Faren guffawed. "Storm age, I reckon!"
"People aren't wine bottles!" Carver spluttered.
Anders groaned. "Another crazy blood mage! Fantastic!"
Sadly, no matter his phrasing, Anders was usually right. Avernus was apparently not just a warden who was using blood magic to delay his body's decay, but was also an avid researcher of blood magic on any corpse he could grab. Even freshly-made corpses. King Arland's deliberate censorship of Soldier's Peak from public record was presently preventing merchants from accidentally wandering into the keep and being killed. Avernus had finally grown desperate enough to attract Levi through dreams.
The party finally managed to corner Avernus into a weaponless state, no nearby bloody corpses or lyrium left to allow the staff in his hands to be more than a blunt stick.

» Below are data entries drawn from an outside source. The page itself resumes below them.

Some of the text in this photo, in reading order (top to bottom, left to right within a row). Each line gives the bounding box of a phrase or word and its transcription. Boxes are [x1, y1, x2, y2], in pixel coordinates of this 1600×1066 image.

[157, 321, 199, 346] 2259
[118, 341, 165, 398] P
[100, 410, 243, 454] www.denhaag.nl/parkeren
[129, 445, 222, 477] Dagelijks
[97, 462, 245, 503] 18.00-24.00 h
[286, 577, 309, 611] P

Faren pointed a dagger up at the mage's navel. "This is where you die!"
"Don't kill him," Carver interceded.
A dozen heads turned his direction, even Avernus staring ahead in bewilderment.
"What!?" Anders gaped. "He's a blood mage who experiments on human bodies! You know what we call those kinds of mages? Tevinter!"

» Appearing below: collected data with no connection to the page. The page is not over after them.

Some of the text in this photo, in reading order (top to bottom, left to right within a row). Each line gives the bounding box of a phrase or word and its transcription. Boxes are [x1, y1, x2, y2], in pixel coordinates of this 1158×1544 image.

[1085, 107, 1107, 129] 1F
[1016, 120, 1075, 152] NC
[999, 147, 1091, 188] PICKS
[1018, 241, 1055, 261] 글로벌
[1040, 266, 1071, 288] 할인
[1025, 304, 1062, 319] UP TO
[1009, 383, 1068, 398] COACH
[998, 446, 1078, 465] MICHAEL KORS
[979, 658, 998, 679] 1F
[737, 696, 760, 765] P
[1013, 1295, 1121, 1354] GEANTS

Leliana pursed her lips. "After all you've said, Carver, why would you want to keep this criminal alive?"
Carver solemnly stepped towards Avernus, the pointed weapons around him shifting to place him out of their sights. "Death is too kind a sentence. This man knows he has been no better than Sophia Dryden."
Avernus staggered back as if struck. "That's not true! Sophia…the Commander ordered me…!"
"Sophia sent the Wardens to their deaths." Carver advanced another step towards the shaken mage. "Sophia commanded you with the fortress's security, Avernus. You were the next highest ranking officer in command, and had the right to deem Sophia unfit for duty. Avernus is a Tevinter name, right? You grasp the solemnity of drinking from the same bloody cup as those who commit to the Joining. Instead, you have furthered Sophia's destruction in Soldier's Peak upon wardens and common folk that threatens their great-great grandchildren even now."
Avernus looked past Carver and saw the wardens and mages staring back at him. His gaze slowly scanned each face until he stopped on the innocent Levi Dryden.
Avernus slumped like a puppet with its strings cut. "Sophia…."
"Make this right," Carver urged, gesturing to the keep. "For decades have you served yourself. Now, it is time to serve others."
Carver subtly fixed his grip on his lowered sword. Avernus had the rare, centuries'-long experience of blood magic that could allow him to seal a Fade rift. Carver could name only one other figure in the entirety of Thedas with similar ability, and they were currently in uthenera without access to their orb of power. Carver was willing to give a chance to a criminal who had repented in another timeline.
Such mercy only extended as far as Carver could use them.
Avernus's staff clattered on the ground. Everyone released the breath they were holding.
"Allow me to serve," Avernus surrendered.
;
A/N:
A lot of this was my own theories regarding Seekers and the Rite of Tranquility. History's opinion of the Seekers was purposefully vague in DAI, ranging from "trustworthy and impartial" to "violently biassed," but it was always strange to me that an order supposedly infamous for hunting mages would rely its membership on the reversal of Tranquility. Even in the possibility that the original Seekers were a mix of today's Seekers and Templars (people who could have been mages but were made Tranquil then touched by a spirit, and people who weren't connected to the Fade from the start) then the original Seekers had to have been non-mages and former mages working together. This would explain the Templar method of phylacteries, and other seemingly hypocritical details of the Circle system.
It was food for thought that developed into a part of this chapter. Oops.